- _BRIEF_:
Verbatim copy, images excluded: write out each record shown below.
RECORDS FOR THIS TASK: Begin
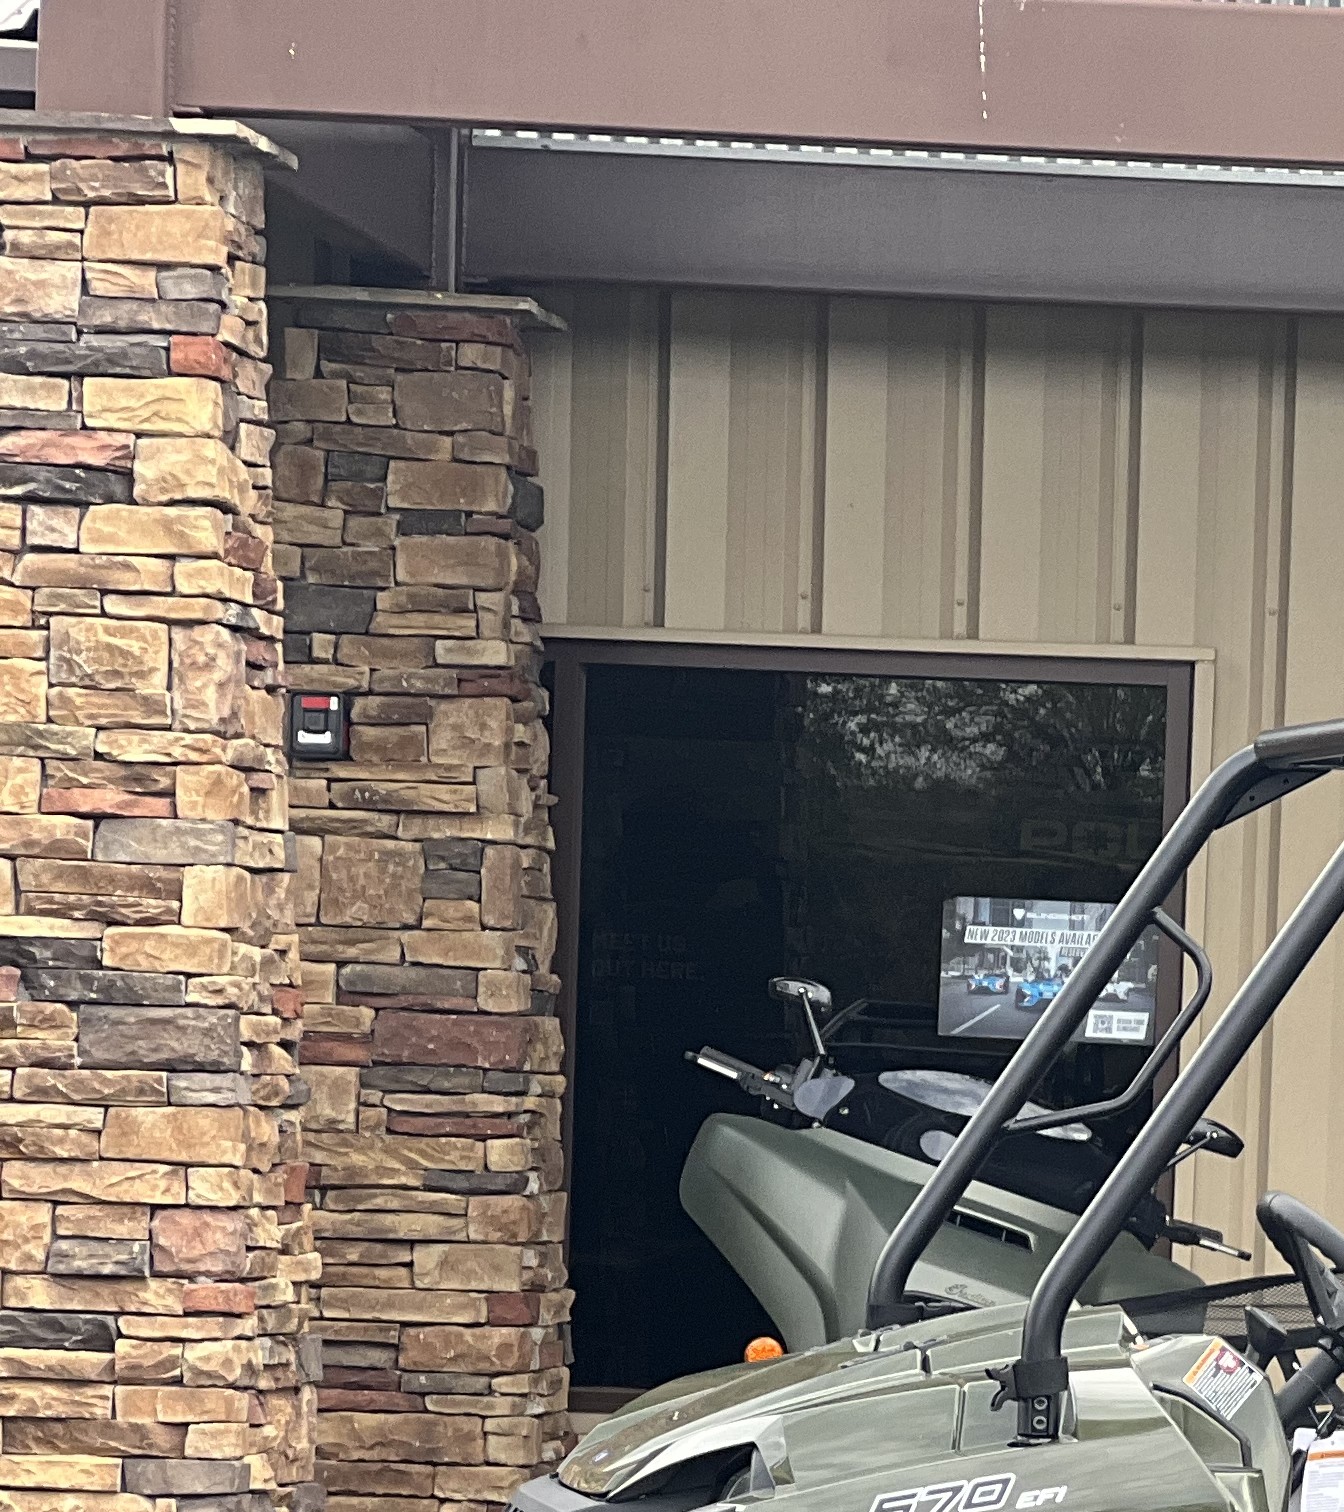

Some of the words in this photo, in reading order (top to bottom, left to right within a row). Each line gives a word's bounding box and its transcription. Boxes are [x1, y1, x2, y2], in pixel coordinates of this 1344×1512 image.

[966, 928, 989, 942] NEW
[991, 929, 1016, 943] 2023
[1018, 930, 1056, 945] MODELS
[1015, 1485, 1068, 1510] EFI
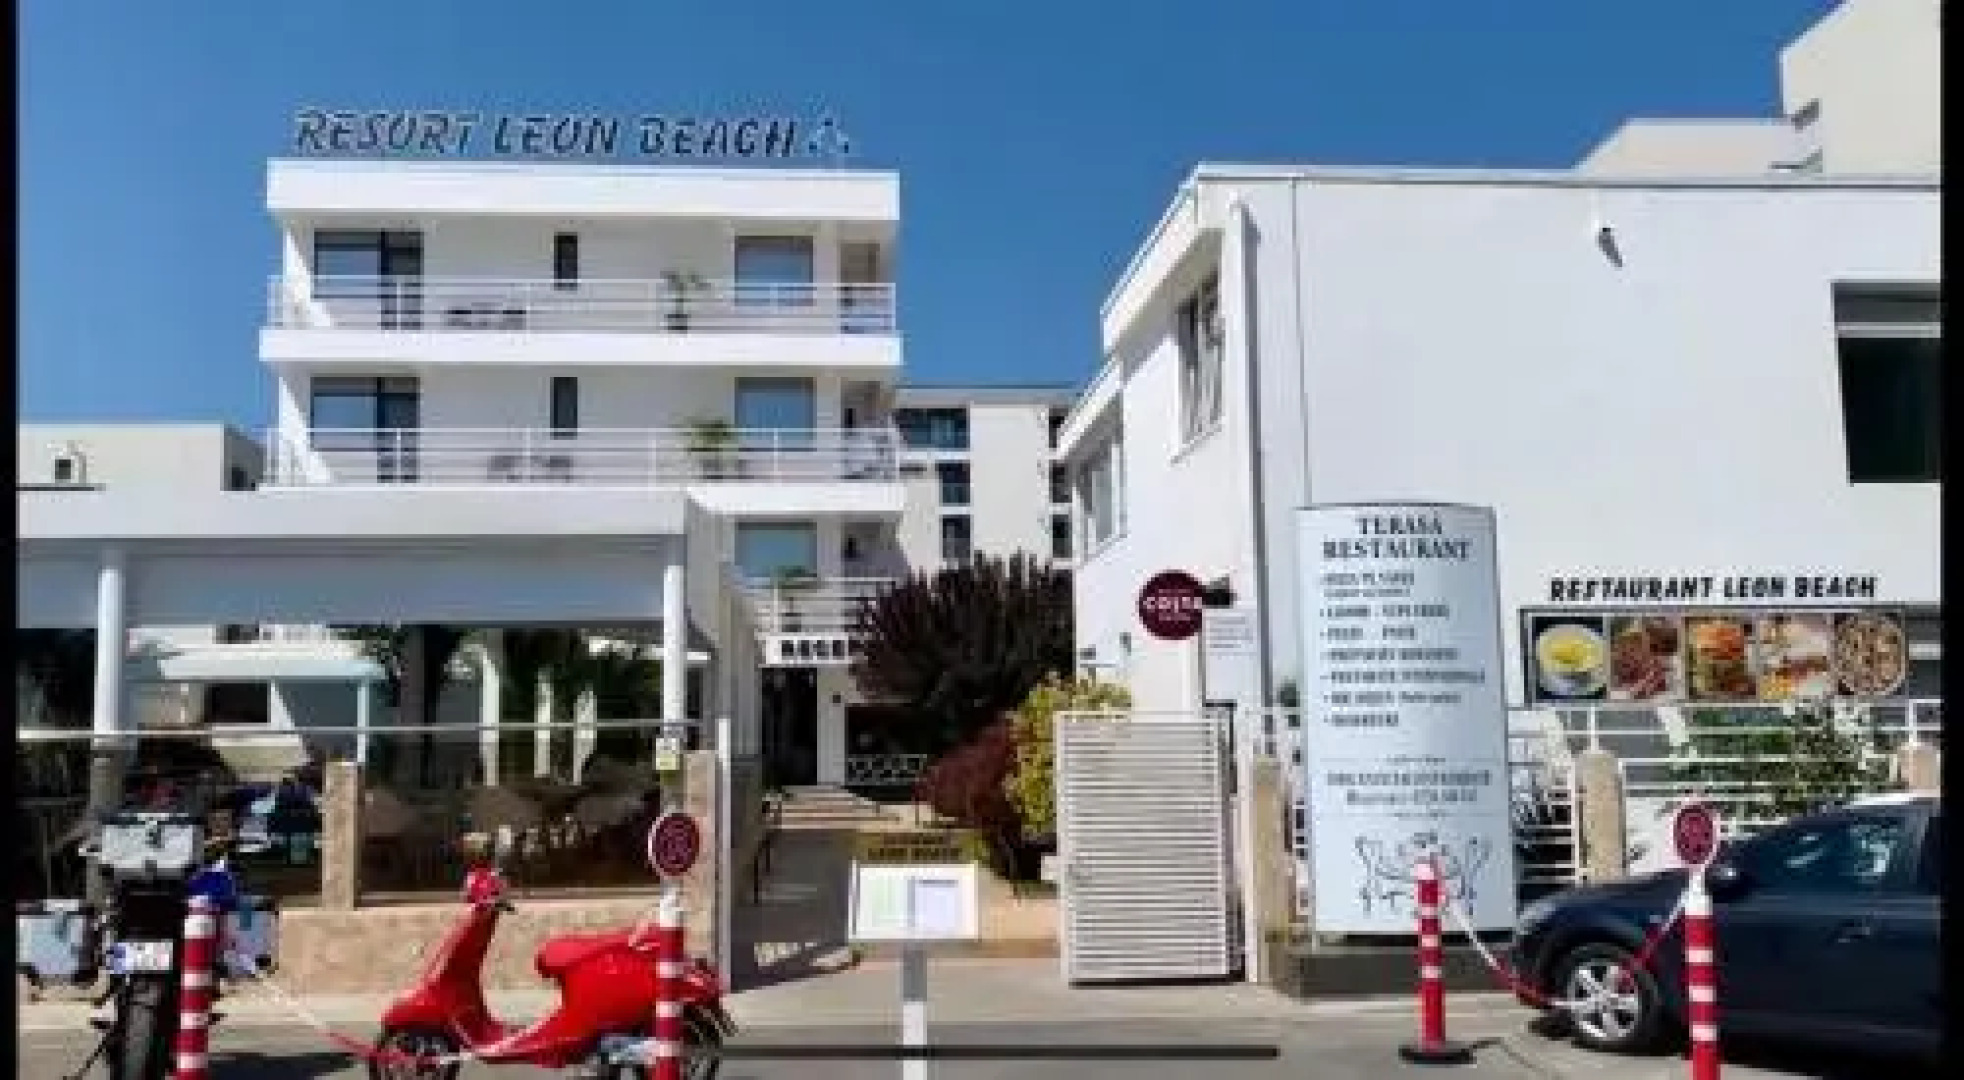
RECORDS FOR THIS TASK: End
- _EXERCISE RESPONSE_:
Some of the words in this photo, in reading order (top to bottom, left to right within a row). Each line gives a word's bounding box and its transcription. Boxes are [x1, y1, x2, y2], in pixel coordinates of this 1344×1512 image.

[966, 928, 989, 942] NEW
[991, 929, 1016, 943] 2023
[1018, 930, 1056, 945] MODELS
[1015, 1485, 1068, 1510] EFI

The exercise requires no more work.